On Fri, Sep 29, 2017 at 10:04:34AM +0100, Morten Rasmussen wrote:

> > - load = scale_load_down(cfs_rq->load.weight);
> > + load = max(scale_load_down(cfs_rq->load.weight), cfs_rq->avg.load_avg);
>
> We use cfs_rq->tg_load_avg_contrib (the filtered version of
> cfs_rq->avg.load_avg) instead of cfs_rq->avg.load_avg further down, so I
> think we should here too for consistency.
>
> + load = max(scale_load_down(cfs_rq->load.weight),
> + cfs_rq->tg_load_avg_contrib);
>

No; we must use tg_load_avg_contrib because that is what's inclded in
tg_weight, but we want to add the most up-to-date value back in.

2017-09-29 13:00:45

by Morten Rasmussen

[permalink] [raw]
Subject: Re: [PATCH -v2 03/18] sched/fair: Cure calc_cfs_shares() vs reweight_entity()

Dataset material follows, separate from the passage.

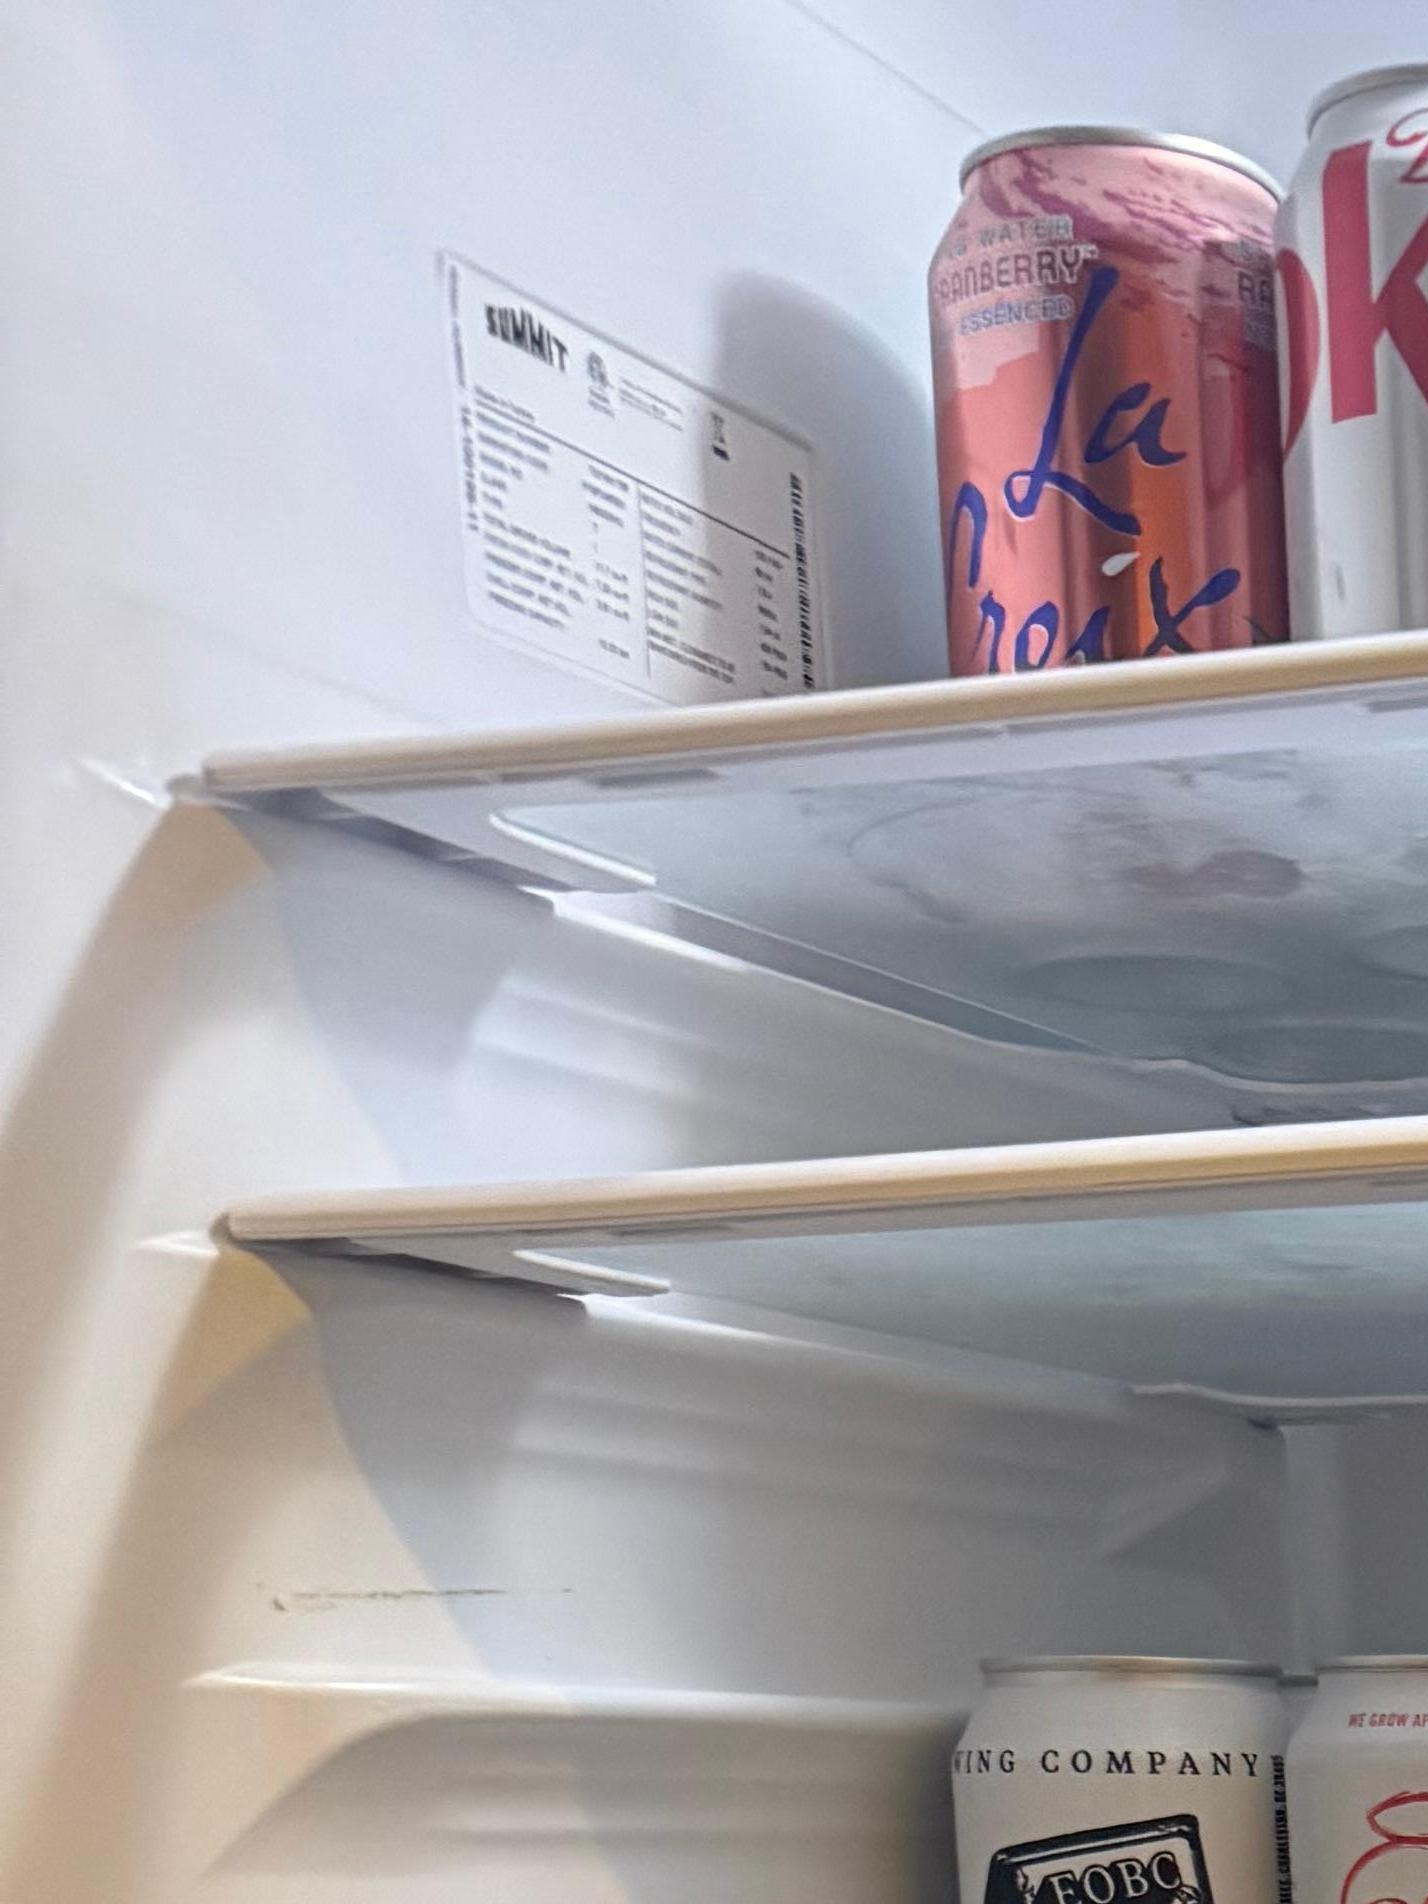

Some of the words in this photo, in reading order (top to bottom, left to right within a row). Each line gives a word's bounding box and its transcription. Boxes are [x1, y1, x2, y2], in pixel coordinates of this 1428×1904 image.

[484, 302, 568, 374] SUMMIT
[1003, 264, 1188, 537] La
[1041, 1749, 1258, 1778] COMPANY

On Fri, Sep 29, 2017 at 01:38:53PM +0200, Peter Zijlstra wrote:
> On Fri, Sep 29, 2017 at 10:04:34AM +0100, Morten Rasmussen wrote:
>
> > > - load = scale_load_down(cfs_rq->load.weight);
> > > + load = max(scale_load_down(cfs_rq->load.weight), cfs_rq->avg.load_avg);
> >
> > We use cfs_rq->tg_load_avg_contrib (the filtered version of
> > cfs_rq->avg.load_avg) instead of cfs_rq->avg.load_avg further down, so I
> > think we should here too for consistency.
> >
> > + load = max(scale_load_down(cfs_rq->load.weight),
> > + cfs_rq->tg_load_avg_contrib);
> >
>
> No; we must use tg_load_avg_contrib because that is what's inclded in
> tg_weight, but we want to add the most up-to-date value back in.

Agreed. Looking at it again it make sense.